- Poster
- Directed by: Samy
- Written by: Samy
- Produced by: Suresh Kamatchi S. Ravichandran
- Starring: Ranjith Velayudhan (Arjuna) Varsha Ashwathi Sri Priyanka
- Cinematography: Raja Rathinam
- Edited by: Mani
- Music by: Srinivas
- Production company: V House Productions
- Release date: 24 April 2015;
- Country: India
- Language: Tamil

= Kangaroo (2015 film) =

2015 Indian film by Samy

Kangaroo is a 2015 Indian Tamil language action thriller film written and directed by Samy. The film stars newcomers Arjuna, Varsha Ashwathi and Sri Priyanka in the lead roles, while Thambi Ramaiah, Ganja Karuppu, and Kalabhavan Mani play supporting roles. The music was composed by singer Srinivas, and the film was released on 24 April 2015.

== Plot ==
Murugesan, aged about 10, brings his infant sister to Kodaikanal, where a provision store owner Thakapan Swami Nadar (Thambi Ramiah), takes pity on the kids and gives them a place to stay. A grown Murugesan (Arjuna) is a tea stall owner who looks every bit a ruffian, talks little, does not show any emotions, has animalistic behaviour, displays carnivorous eating habits, and drinks arrack in litres. The one person who is the world to him is his sister Azhagu (Sri Priyanka), on whom he dotes so much that people around call him Kangaroo. There is also Chellam (Varsha Ashwathi), a friend of Azhagu who loves Murugesan. The villain group consists of Ticket (Kalabhavan Mani), who wants to push Chellam into the flesh trade with the help of her sister, who is already in it, and a jeep driver who lusts for Azhagu. Murugesan bashes the two men for disturbing his sister and her friend, and an enmity ensues. Murugesan discovers that his sister is in love with another jeep driver Mani and arranges for the marriage between the two, much to the jealousy of Ticket and his friend.  Just before the marriage, Mani falls from a cliff and dies. After a few months, Murugesan convinces Azhagu to marry again and fixes a groom, but this groom dies from electrocution. The sibling duo moves to another town where she gets married, but an attempt on the husband too is made, injuring him severely, and the unknown killer is ready to try again at the hospital. What happens to the brother and sister and who kills off every suitor of Azhagu forms the rest of the screenplay.

== Cast ==
- Ranjith Velayudhan (Arjuna) as Murugesan (Kangaroo)
- Varsha Ashwathi as Chellam
- Sri Priyanka as Azhagu
- Thambi Ramiah as Thakapan Swami Nadar
- Ganja Karuppu as Kangaroo's friend
- Kalabhavan Mani as Ticket
- R. Sundarrajan as Sattai
- Ghajini as the police inspector
- Director Saamy as Police
- K.P. Jagan as Manigandan

== Production ==
Production for the film began in April 2013, with the director Samy revealing that Kangaroo would be a film dedicated to caring mothers and stated that it was a family friendly film, marking a change from the controversial themes of his previous three projects.

== Soundtrack ==
The songs are composed by Srinivas, with his daughter Sharanya Srinivas singing two songs from the film. A. R. Rahman was the chief guest for the release of the film's audio soundtrack in December 2013. Vairamuthu wrote lyrics for the film and stated that despite working on a small budget film, his efforts towards the project were similar to that of his grander ventures.

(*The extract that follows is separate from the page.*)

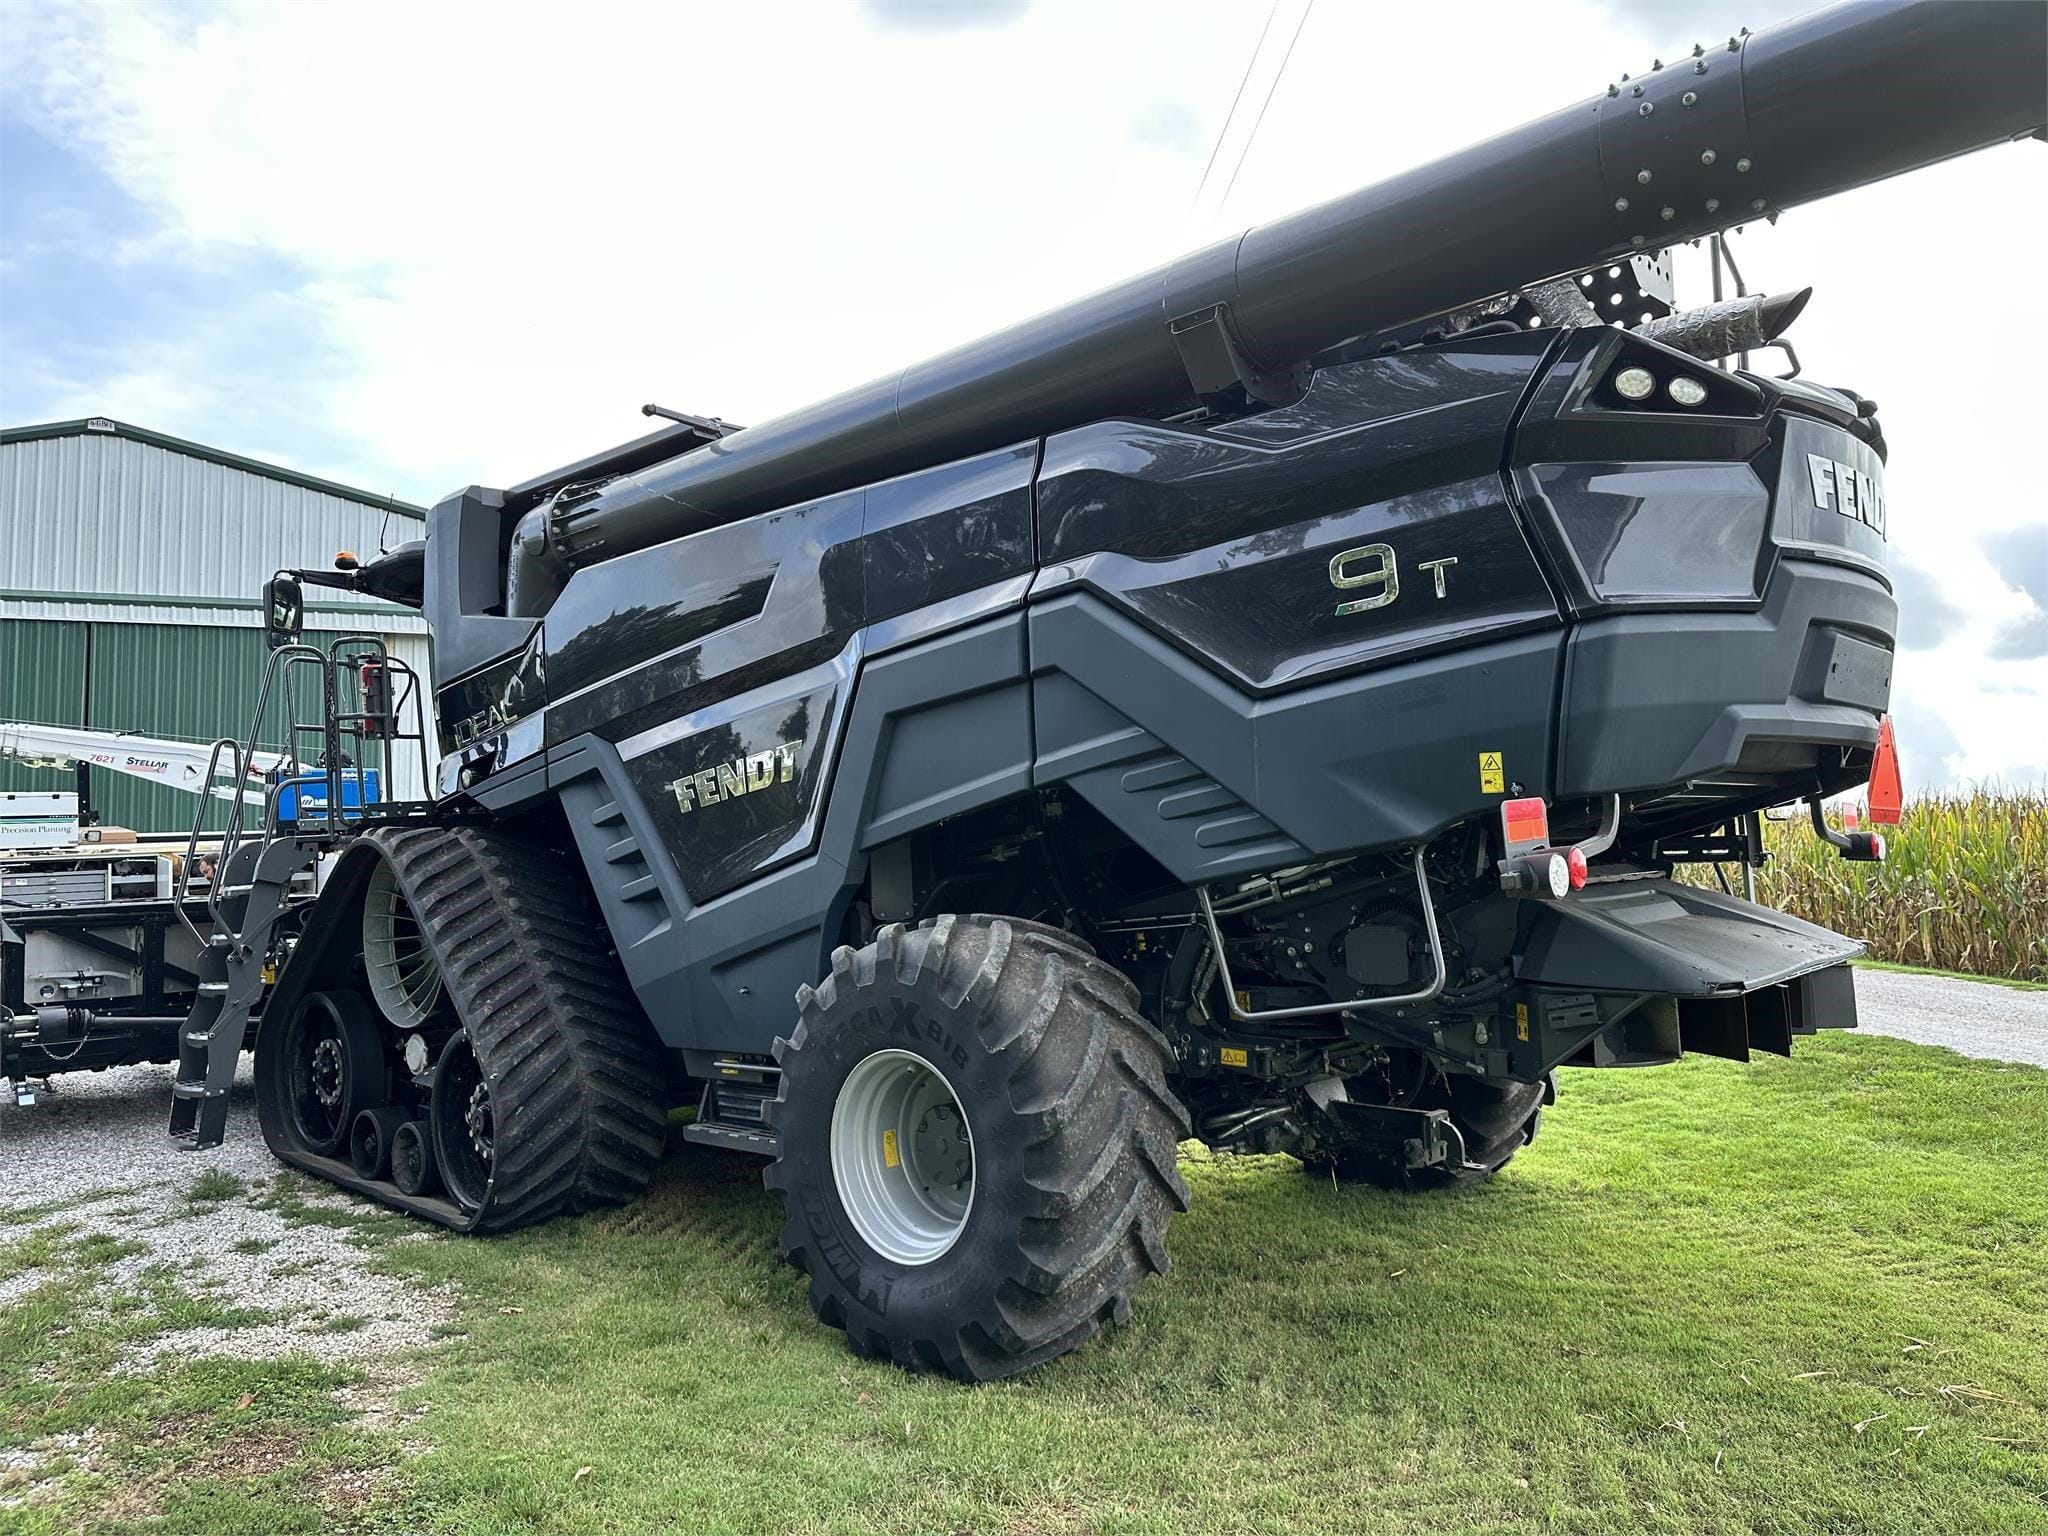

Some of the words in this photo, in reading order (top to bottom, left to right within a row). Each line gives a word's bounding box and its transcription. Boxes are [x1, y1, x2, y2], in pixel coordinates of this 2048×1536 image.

- "Penjaka" – Shweta Mohan
- "Nenjukkuzhi" – Haricharan, Sharanya Srinivas
- "Thaayum Konja Kaalam" – Hariharasudhan
- "Ozhakku Nilave" – Bibin Tuttu
- "Yaarukku Yaar" – Srinivas
- "Nenjukkuzhi" – Vijay Prakash, Sharanya Srinivas

== Reception ==
Sify wrote "To conclude, comparing to Samy's earlier ventures, Kangaroo is a better, family-friendly movie but in general perspective, it‘s a middling one!". Anupama Subramanian of Deccan Chronicle wrote "The plot seems interesting, but the way it unfolds in 80s style with mushy melodrama and insipid comedy, the pace suffers during the first half. However, post interval the momentum picks up with few unexpected twists and turns."